Companies use FoI Act to trawl for commercial opportunities

June 18, 2009

The use of the Freedom of Information Act to elicit details about the way universities are run has increased dramatically in the past year, particularly among commercial companies.

According to a survey by Universities UK and the Joint Information Systems Committee (Jisc), the number of requests rose from an average of 3.6 per month in 2007 to 5.4 in 2008. This is a 50 per cent increase year on year, compared with an average annual increase of 14 per cent in previous years.

University admissions, management, administration and IT were among the areas under the most scrutiny, while the number of commercial organisations making FoI requests increased by 50 per cent, second in volume only to requests from journalists.

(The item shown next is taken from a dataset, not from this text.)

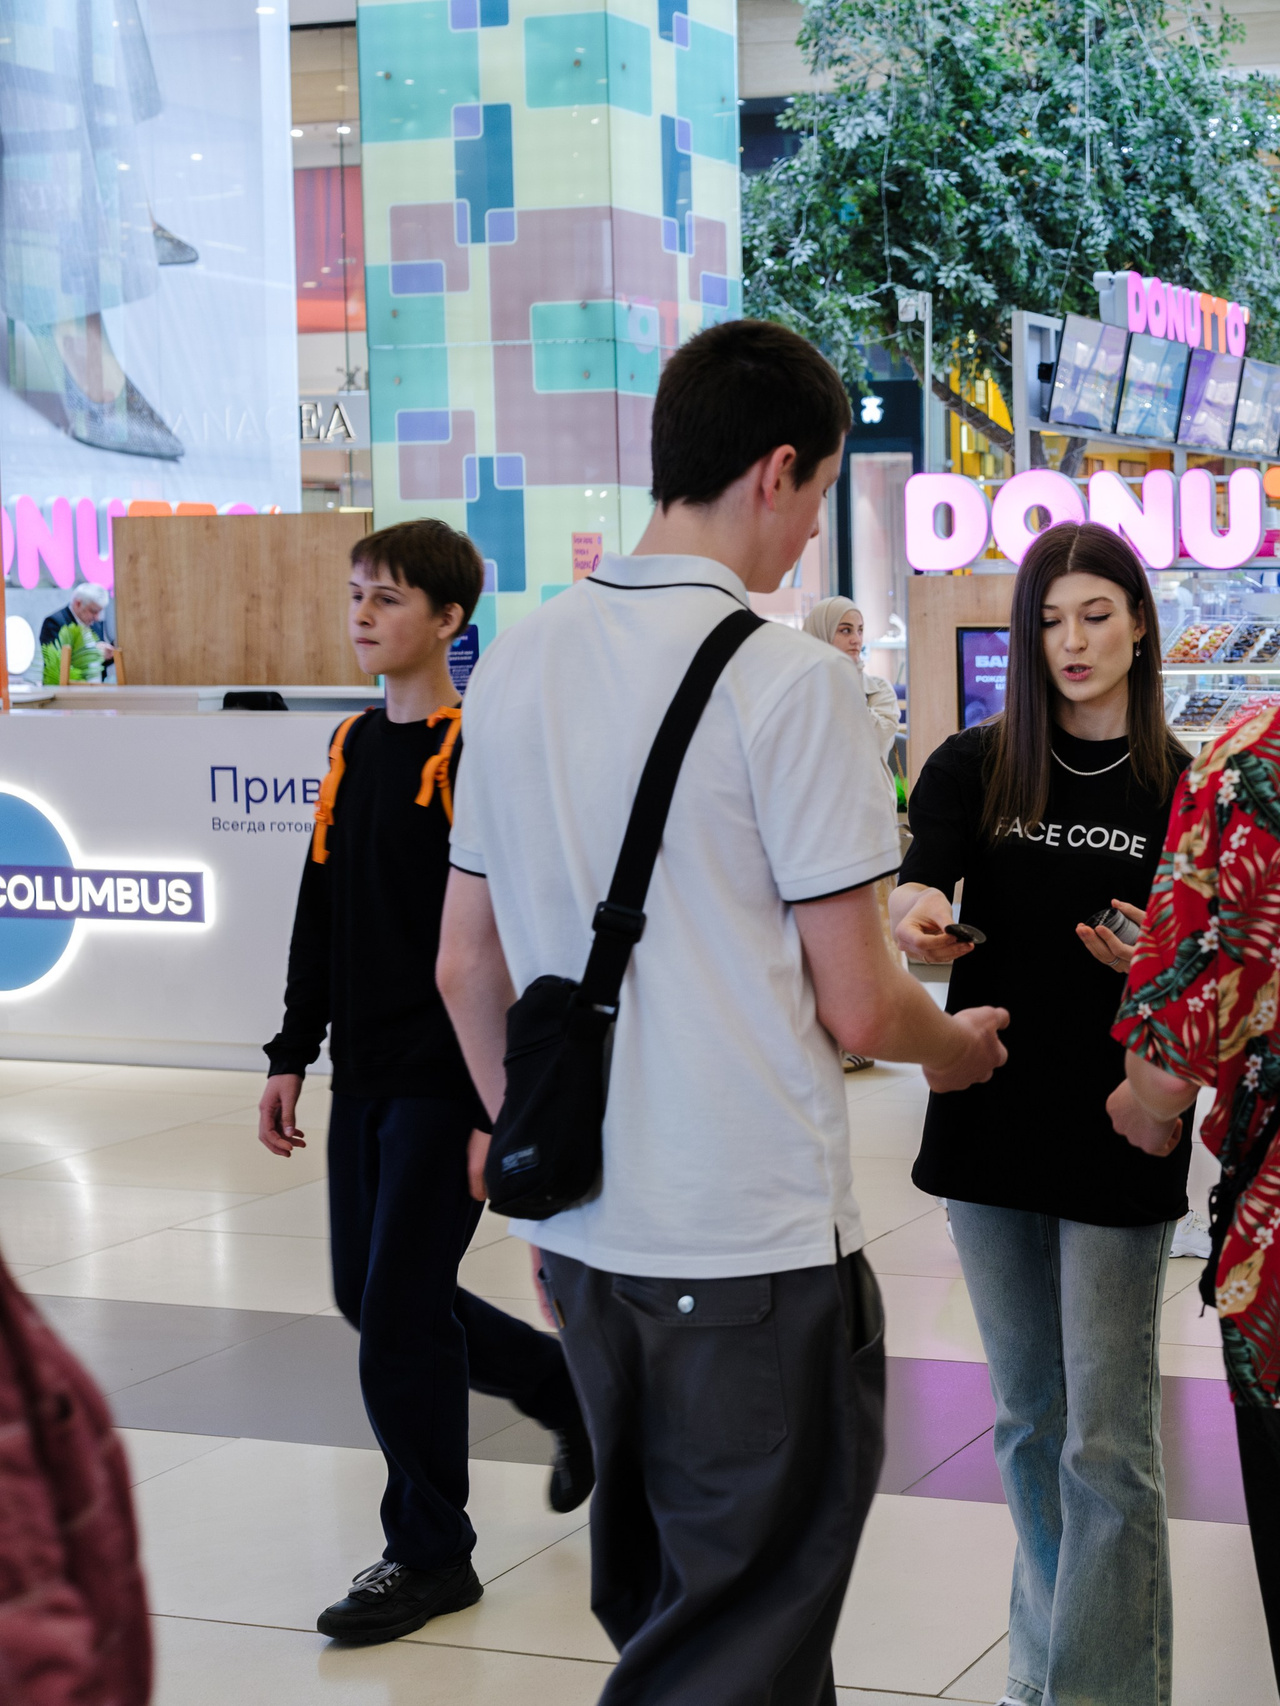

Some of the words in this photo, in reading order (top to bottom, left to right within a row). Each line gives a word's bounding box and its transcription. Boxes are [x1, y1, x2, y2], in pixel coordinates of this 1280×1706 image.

[1127, 270, 1247, 358] DONUTTO
[212, 817, 265, 834] Всегда
[270, 821, 316, 833] готов
[1067, 824, 1147, 859] CODE

Maurice Frankel, director of the Campaign for Freedom of Information, said firms were increasingly using the FoI Act to obtain information to drum up business.

"The chances are they're contractors looking for opportunities to bid for contracts," he said. The UUK/Jisc report came to the same conclusion, suggesting that the findings "confirm the anecdotal evidence that emerged throughout 2008 regarding an increase in the number of 'round robin' requests sent to all (or a high proportion of) institutions by commercial organisations for obtaining commercial intelligence".

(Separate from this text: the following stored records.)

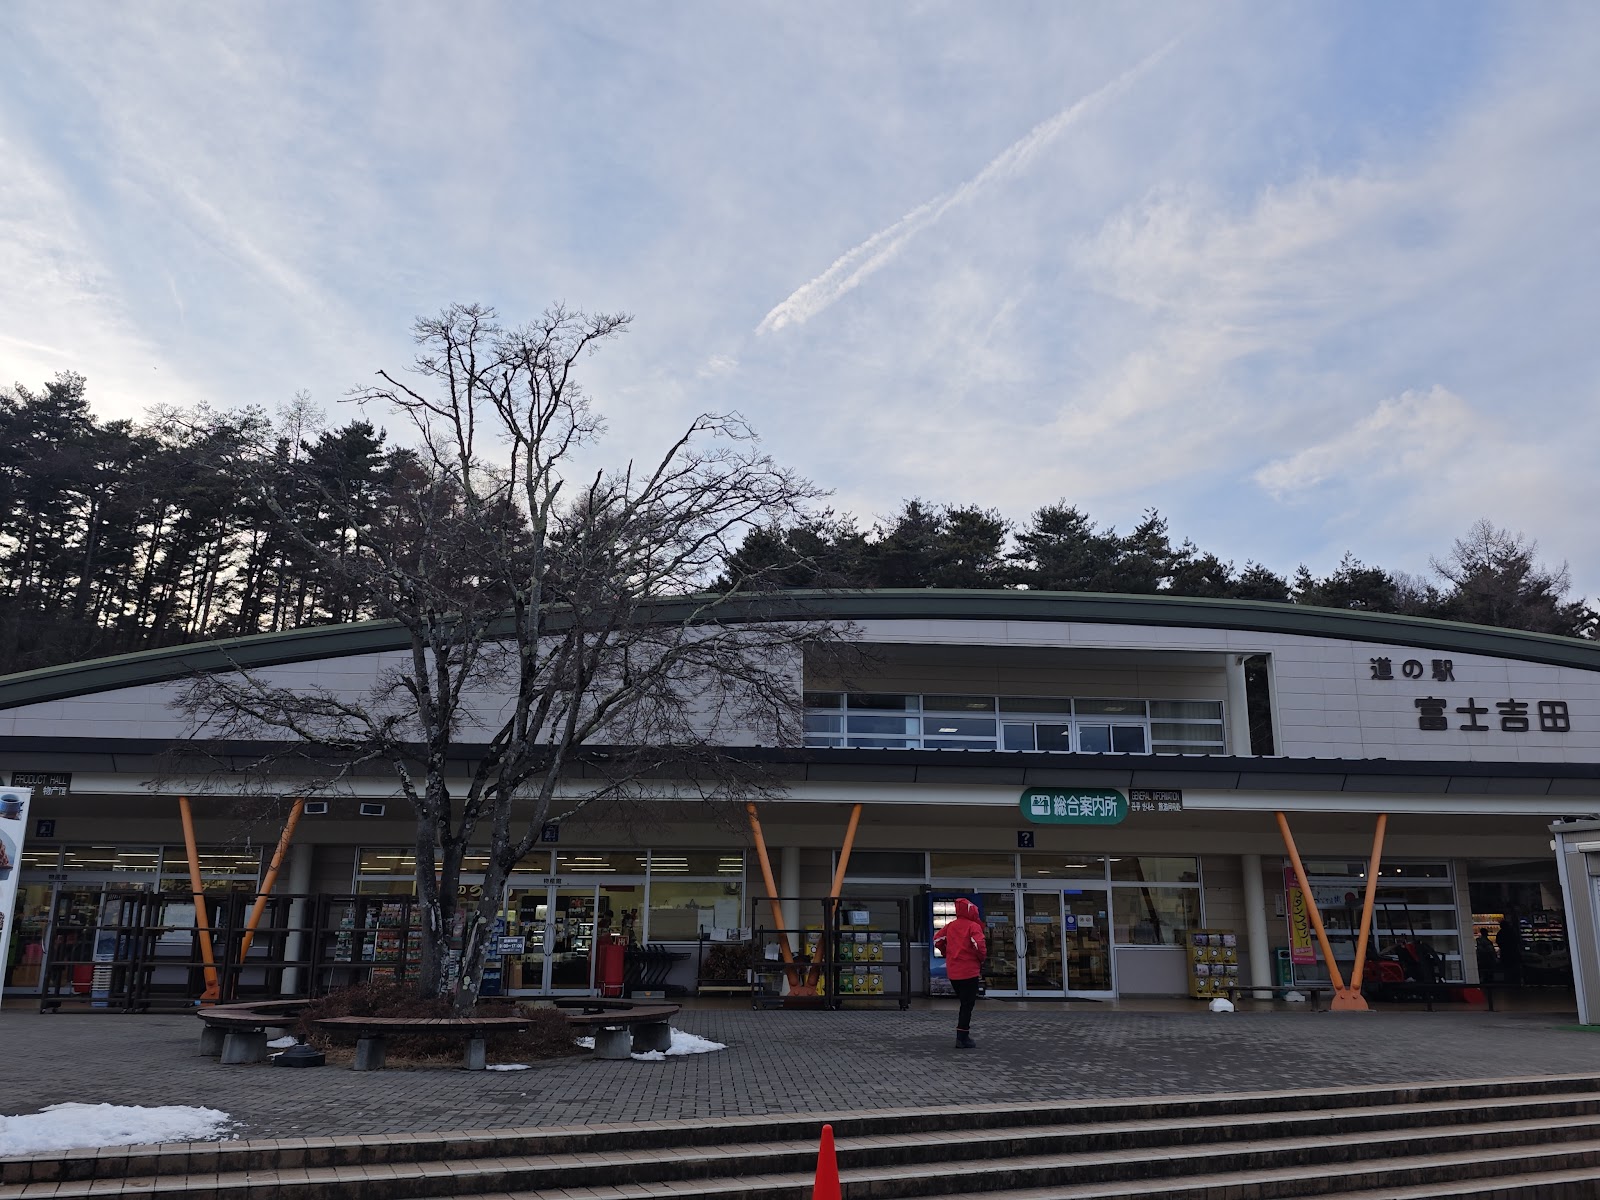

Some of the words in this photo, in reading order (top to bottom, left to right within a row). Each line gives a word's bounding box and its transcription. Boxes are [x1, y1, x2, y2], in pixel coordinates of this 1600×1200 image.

[1370, 656, 1455, 682] 道の駅
[1414, 696, 1571, 733] 富士吉田
[15, 774, 48, 784] PRODUCT
[50, 775, 67, 785] HALL
[1053, 795, 1118, 818] 総合案内所

Mr Frankel said a better public understanding of the FoI Act was also a factor in the rise. "It's possible that with the gradual increase in publicity of the Act, people who didn't realise universities were covered by the Act have gradually cottoned on," he said. "If the National Union of Students or another union has a concerted campaign, that will have an impact on the rise."

Despite the increase in requests, universities are managing to respond within the legal 20-day limit, the report says. But 78 per cent of institutions still took a "long", "very long" or "extremely long" time to respond, it concludes.

The report adds that the number of requests to universities made under the Data Protection Act has increased marginally in the past year.